A pesquisa também indica relativa estabilidade de preços: 57,5% dos imóveis foram vendidos pelo valor anunciado, e a maior parte dos descontos concedidos ficou limitada a até 5%, evidenciando equilíbrio entre oferta e demanda.
Locações: domínio dos apartamentos e foco em imóveis compactos
No segmento de locações, os apartamentos dominaram amplamente, respondendo por 71% dos contratos assinados, enquanto as casas representaram 29%.
A preferência dos locatários concentrou-se em imóveis compactos: apartamentos de até 1 dormitório e área inferior a 50 m² e casas de até 2 dormitórios e pequenas metragens. Esse perfil evidencia a forte demanda por moradias voltadas a solteiros, casais e trabalhadores temporários, característica típica de regiões litorâneas.
As faixas de aluguel mais praticadas situaram-se entre R$ 1.250 e R$ 2.000, embora também tenha havido participação relevante de contratos entre R$ 2.500 e R$ 3.000, indicando diversidade de perfis econômicos na região.
Em relação às garantias locatícias, o depósito caução destacou-se de forma expressiva, presente em 82,9% dos contratos, muito acima das demais modalidades, o que demonstra preferência por alternativas mais simples e acessíveis para locadores e inquilinos.
Quanto à localização, diferentemente do mercado de vendas, as locações concentraram-se nas áreas centrais (59%), reforçando a importância da proximidade com comércio, serviços e mobilidade urbana para quem opta pelo aluguel.
Comportamento dos locatários e dinâmica do mercado
A análise das devoluções de imóveis mostra um cenário de ajuste financeiro: 36% dos inquilinos mudaram para aluguéis mais baratos, enquanto 28% migraram para imóveis mais caros e 36% não informaram o motivo da mudança.

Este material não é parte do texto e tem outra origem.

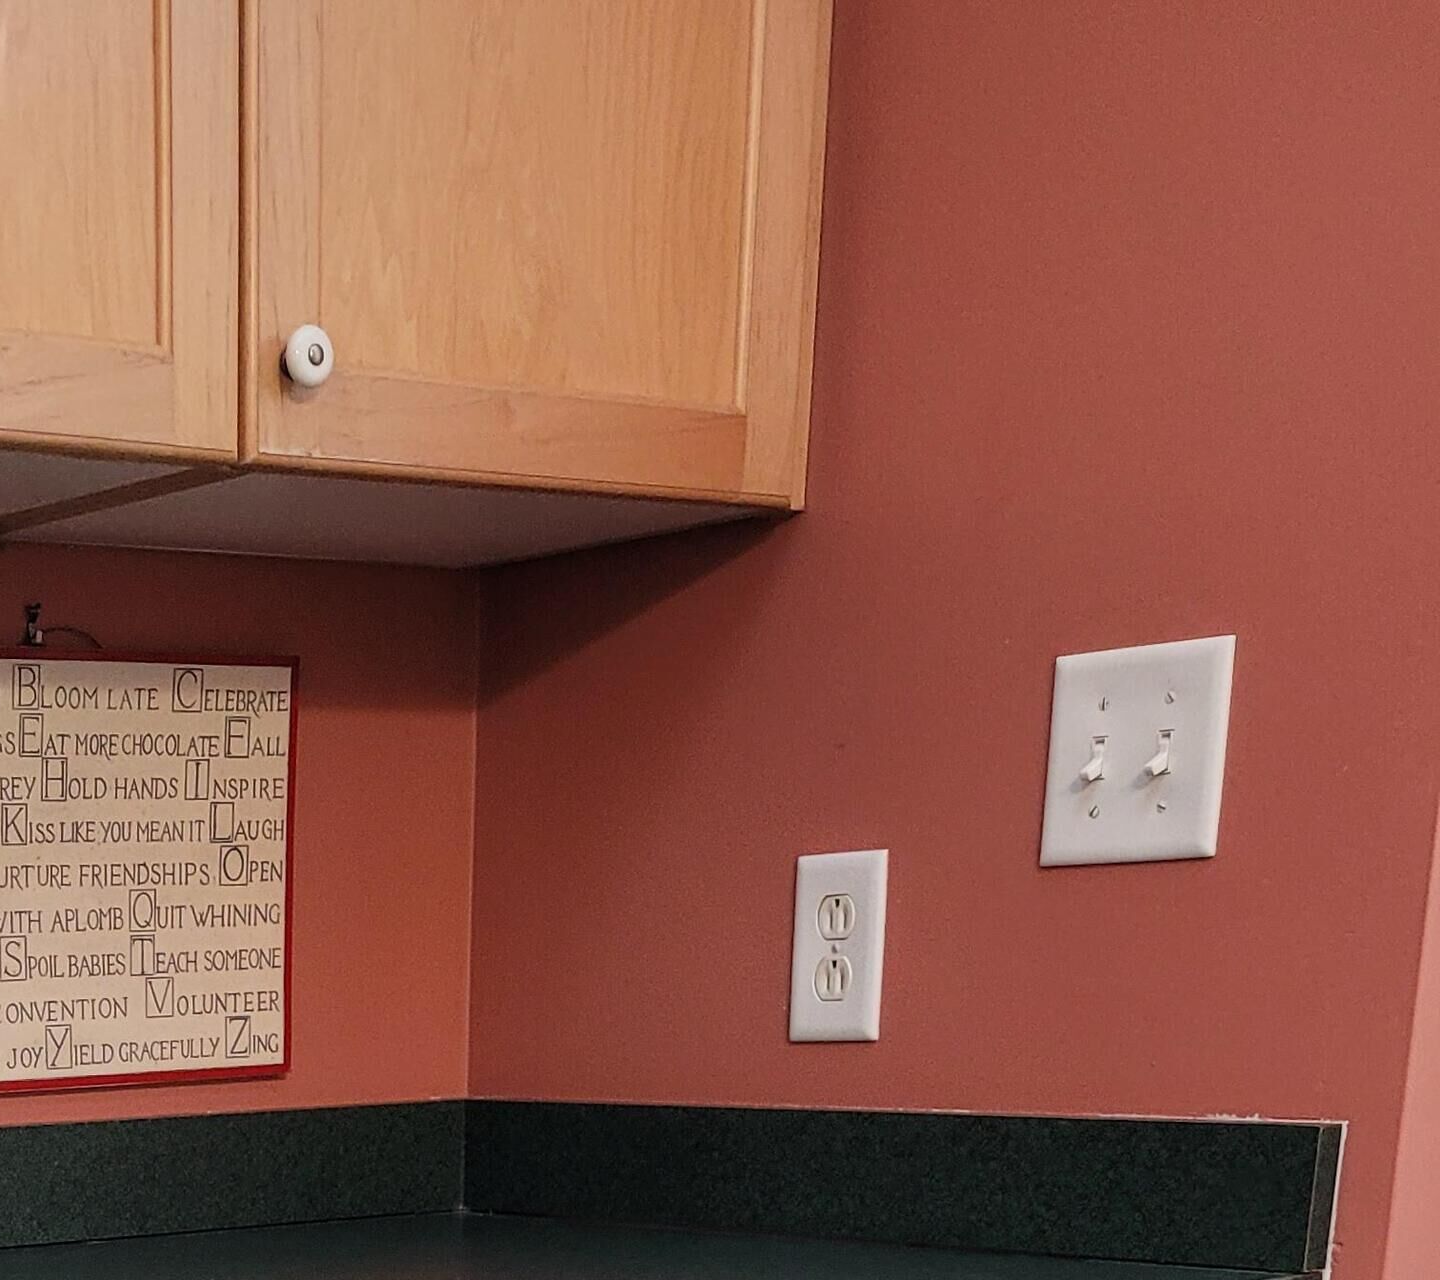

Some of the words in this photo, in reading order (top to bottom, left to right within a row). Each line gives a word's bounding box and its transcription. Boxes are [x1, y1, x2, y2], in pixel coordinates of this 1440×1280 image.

[17, 667, 98, 709] BLOOM
[107, 688, 159, 710] LATE
[177, 671, 288, 717] CELEBRATE
[22, 716, 71, 756] EAT
[76, 734, 118, 759] MORE
[122, 733, 220, 757] CHOCOLATE
[228, 720, 286, 757] FALL
[45, 760, 107, 799] HOLD
[115, 777, 178, 800] HANDS
[194, 762, 285, 800] INSPIRE
[4, 807, 55, 844] KISS
[60, 821, 96, 843] LIKE
[100, 822, 131, 843] YOU
[137, 821, 184, 843] MEAN
[190, 821, 205, 843] IT
[213, 805, 284, 842] LAUGH
[223, 847, 283, 882] OPEN
[51, 908, 123, 932] APLOMB
[133, 892, 186, 928] QUIT
[191, 904, 280, 927] WHINING
[4, 941, 64, 978] SPOIL
[69, 953, 125, 978] BABIES
[133, 939, 197, 975] TEACH
[204, 948, 281, 971] SOMEONE
[149, 980, 280, 1016] VOLUNTEER
[6, 1044, 43, 1069] JOY
[47, 1028, 114, 1066] YIELD
[119, 1037, 220, 1062] GRACEFULLY
[229, 1018, 279, 1054] ZING

Desse modo, outro indicador relevante é a baixa necessidade de concessão de descontos: 75% das locações foram fechadas pelo valor anunciado, sugerindo demanda ainda consistente, mesmo diante da retração no volume de contratos.
Considerações gerais
Os dados demonstram que o mercado imobiliário da Baixada Santista apresenta características próprias. Dessa forma, como predominância de apartamentos, tíquete médio elevado nas vendas e forte demanda por imóveis compactos para locação.

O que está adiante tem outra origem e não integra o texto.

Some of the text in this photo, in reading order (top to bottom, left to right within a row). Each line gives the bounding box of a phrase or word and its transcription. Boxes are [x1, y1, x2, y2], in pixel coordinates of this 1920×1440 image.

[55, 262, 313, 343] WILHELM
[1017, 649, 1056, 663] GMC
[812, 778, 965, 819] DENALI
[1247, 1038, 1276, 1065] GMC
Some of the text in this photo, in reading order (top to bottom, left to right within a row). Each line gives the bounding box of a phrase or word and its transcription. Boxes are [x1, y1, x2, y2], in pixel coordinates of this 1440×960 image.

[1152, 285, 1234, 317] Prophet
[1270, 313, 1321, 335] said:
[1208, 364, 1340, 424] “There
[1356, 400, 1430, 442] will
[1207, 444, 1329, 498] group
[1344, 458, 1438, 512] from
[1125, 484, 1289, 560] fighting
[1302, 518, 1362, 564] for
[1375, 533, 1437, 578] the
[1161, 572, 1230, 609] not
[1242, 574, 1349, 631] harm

Apesar das quedas registradas no período, o mercado permanece ativo e sustentado por fatores estruturais, como a busca por moradia próxima ao litoral, mobilidade e oportunidades de trabalho e turismo.
Além disso, o cenário aponta, de modo geral, para um momento de ajuste e cautela. Mas, sem perda da relevância da região como um dos principais polos imobiliários do Estado.